Only about 2 percent of the water that gets filtered and purified for human consumption actually needs to be clean enough to drink, according to Kevin McGovern.

First, 40 percent to 70 percent of the water that gets treated at centralized water stations gets lost in the voyage between the water authority and your home because of leaky pipes, mismanagement and evaporation. Clearly, lost water doesn't need treatment. And the water that makes it into homes? 90 percent gets consumed in showers and washing clothes. That water can contain higher levels of fluoride and arsenic than drinking water.

"The problem is that there is so much mismanagement and waste in the water industry," said McGovern, an investor with a long history in the water and beverage industry. "The water industry is bigger than pharma, but you'd never know it."

He's hoping to start to change that pattern with The Water Initiative, a start-up that wants to deploy point-of-use water purifiers. The company-which counts record producer Quincy Jones, MIT professor Eugene Fitzgerald (The Merton Flemings professor of Materials Engineering--we incorrectly said Flemings was involved) among others as principals – will start selling its first units in Mexico in January or February. The units will cost around $12 to $15 a month and be sold as a service. Because the water flows through with gravity, they will require almost no energy.

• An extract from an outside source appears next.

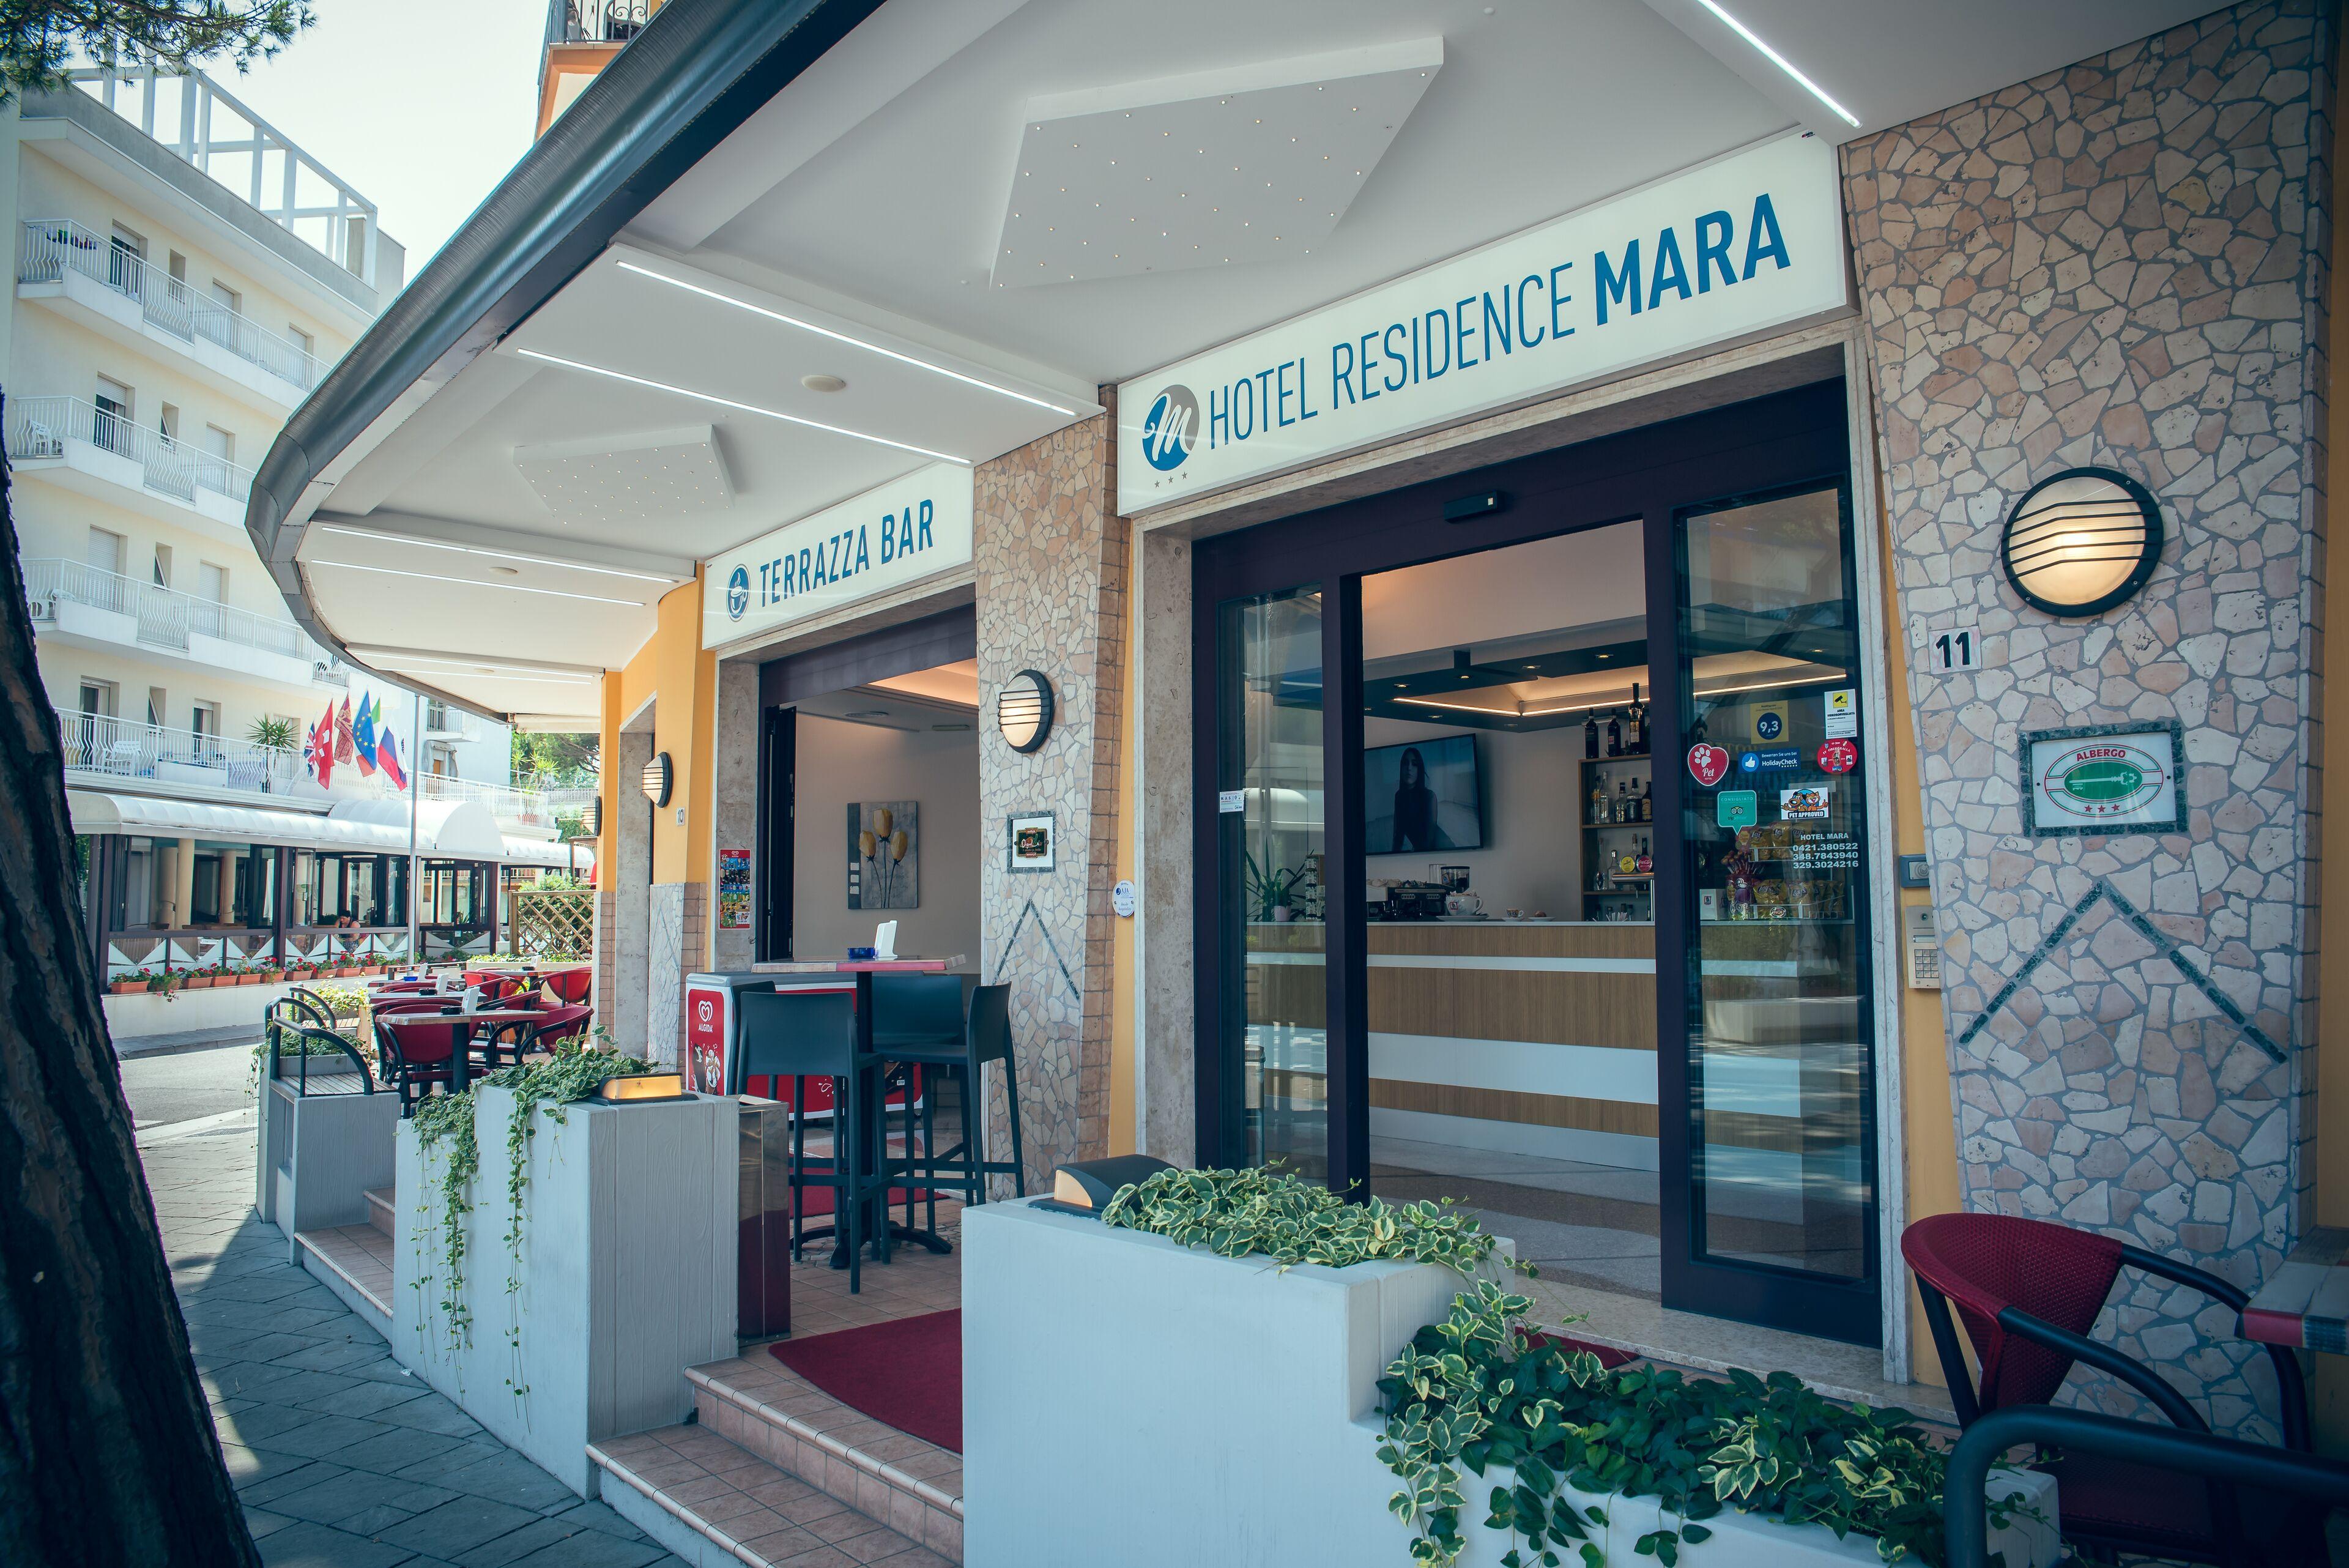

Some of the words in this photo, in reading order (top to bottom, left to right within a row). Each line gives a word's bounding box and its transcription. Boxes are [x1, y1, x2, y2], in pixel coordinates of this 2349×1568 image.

"We like to say we are the last mile of water," he said. "Distribution is just as important as the [purification] technology."

After the Mexican launch, TWI will look to expand in other Latin American countries. In the second half of 2009, it will explore the possibility of entering India. Another one of the principals in the company is R.N. Tata, the head of the sprawling Tata conglomerate.

For the past four years, a growing chorus of experts and scientists has warned about the dire shortages of water for agriculture and human consumption. Droughts in Ukraine and Australia exacerbated the shortage of food earlier this year. Half of the hospital beds in many countries are filled with patients suffering from water borne diseases, which also kill three to five million children a year. Residents in some neighborhoods in cities like New Delhi get their drinking water delivered by truck.

Right now, water purification in most parts of the world is conducted in centralized, government-owned plants. The water then gets shuttled down pipes to homes and factories. Consumers in Europe, North America and parts of Asia might have Brita filters at their homes, but that water has already passed through multibillion dollar facilities before it comes out of taps.

In countries like Israel and Singapore centralized processing can cost even more because of extra processing. Israel gets about five percent of its drinking water from the Ashkelon desalination plant while a small percentage of Singapore's industrial and drinking water is NEWater, or water reclaimed from the sewage system.

Improving point-of-use filters and increasing their numbers can help developed and emerging nations avoid the time and expense-vote on a bond issue anyone?---required for centralized processing.

A shift toward point-of-use filtration and purification could conceivably also help break the logjam in water investing for VCs. Almost all greentech VCs express interest in investing in water. Energy Recovery, which produces equipment to make desalination more energy efficient, held one of the few green IPOs this year. Before the stock market swoon, the stock was up around 50 percent from its IPO price. Still, most complain that good deals are few and far between. Most also don't want to get into large, capital-intensive projects.

Interestingly, some of the companies that have received VC funds this year – Miox (purification with salt) and HaloSource (disinfecting chemical beads and point-of-use filters) – are focused on localized purification.

Others, of course, are also looking at the market at TWI, including the Reliance Industries conglomerate that competes with Tata. Iluxon, a Mexican company, has a device that can distill two gallons of water a day with sunlight. Charging $12 to $15 a month in emerging markets will likely limit the customer base to only certain segments of the population. 

TWI's in some ways functions more like an integrator than an inventor. It meets with professors at various universities-MIT, Cornell, UCLA, etc. – and then licenses what it believes is promising technology, builds a device around it with input from local residents and  figures out a sales strategy.

The initial devices will not be all-purpose purifiers. They will eliminate fluoride, arsenic and some other substances. They will not eliminate biological materials  and cannot be used for desalination. (UPDATE: McGovern updated and said that it will eliminate biological materials and testing will continue for more contaminants.) He also won't share a picture of it yet.

Nonetheless, modules for biological purification, desalination and other types of purification will be possible in the future.